Pfizer immediately brought the instant suit alleging infringement of the RE '048 patent, and the District Court found the relevant claims invalid. Pfizer then appealed to the Federal Circuit, where the main issues to be considered were:
1. Whether 35 U.S.C. §251 authorized the PTO to reissue the ’068 patent under the circumstances
2. Assuming reissue was authorized, whether the safe harbor provision of 35 U.S.C. §121 applies to the RE ’048 patent and protects it from invalidation based on the ’165 patent
The Federal Circuit held that, even assuming that it was proper to grant the reissue patent, safe harbor provisions do not apply, and the claims are invalid. The court noted that it applies a "strict test" for §121, given the potential windfall a patent term extension could provide to a patentee.
The court reasoned that the reference '165 patent issued on a divisional of the '594 application. The RE '048 patent is not entitled to safe harbor protection, because it did not issue on either the '594 application or a divisional of the '594 application. Instead, the RE ’048 patent issued from the ’319 application, a reissue of the ’068 patent, which in turn issued from the ’113 application The ’113 application cannot be a divisional of the ’594 application because it contains new matter that was not present in the ’594 application. When the ’113 application issued as the ’068 patent, the public was not free to practice that new matter. According to the court, fairness to the public does not permit Pfizer to convert the ’113 application into a division of the original ’594 application, and thereby take advantage of the safe harbor provision, simply by designating it as a divisional application years after the fact.

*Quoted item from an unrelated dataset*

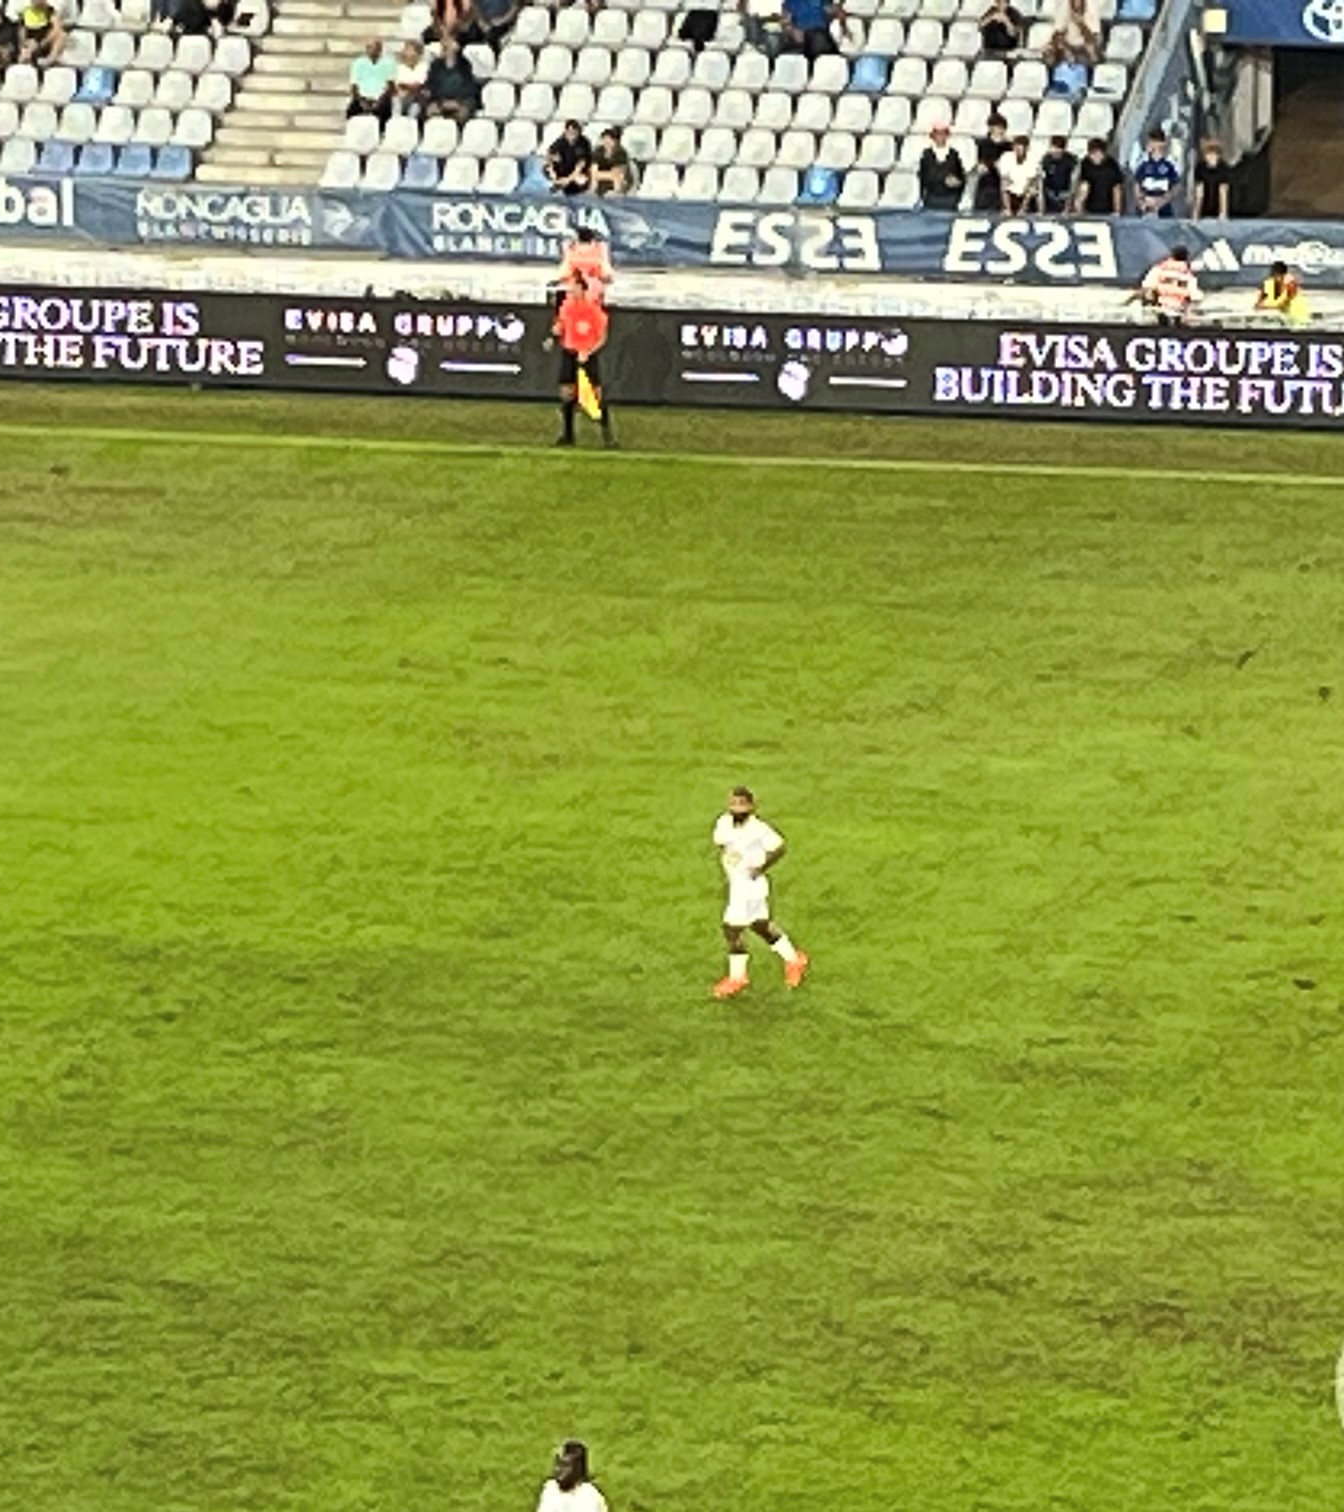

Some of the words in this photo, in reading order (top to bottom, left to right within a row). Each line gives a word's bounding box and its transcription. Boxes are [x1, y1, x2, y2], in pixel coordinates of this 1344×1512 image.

This case serves as a reminder to practitioners of the potential dangers when dealing with applications that are part of extensive patent families. A comprehensive strategy is extremely helpful when dealing with complicated chains of priority, especially when any of the links in the chain has been subject to a restriction requirement. It should also be noted that Continuations-in-Part do not maintain all of the same rights as Continuations or Divisionals, and care should be taken so that priority is not lost.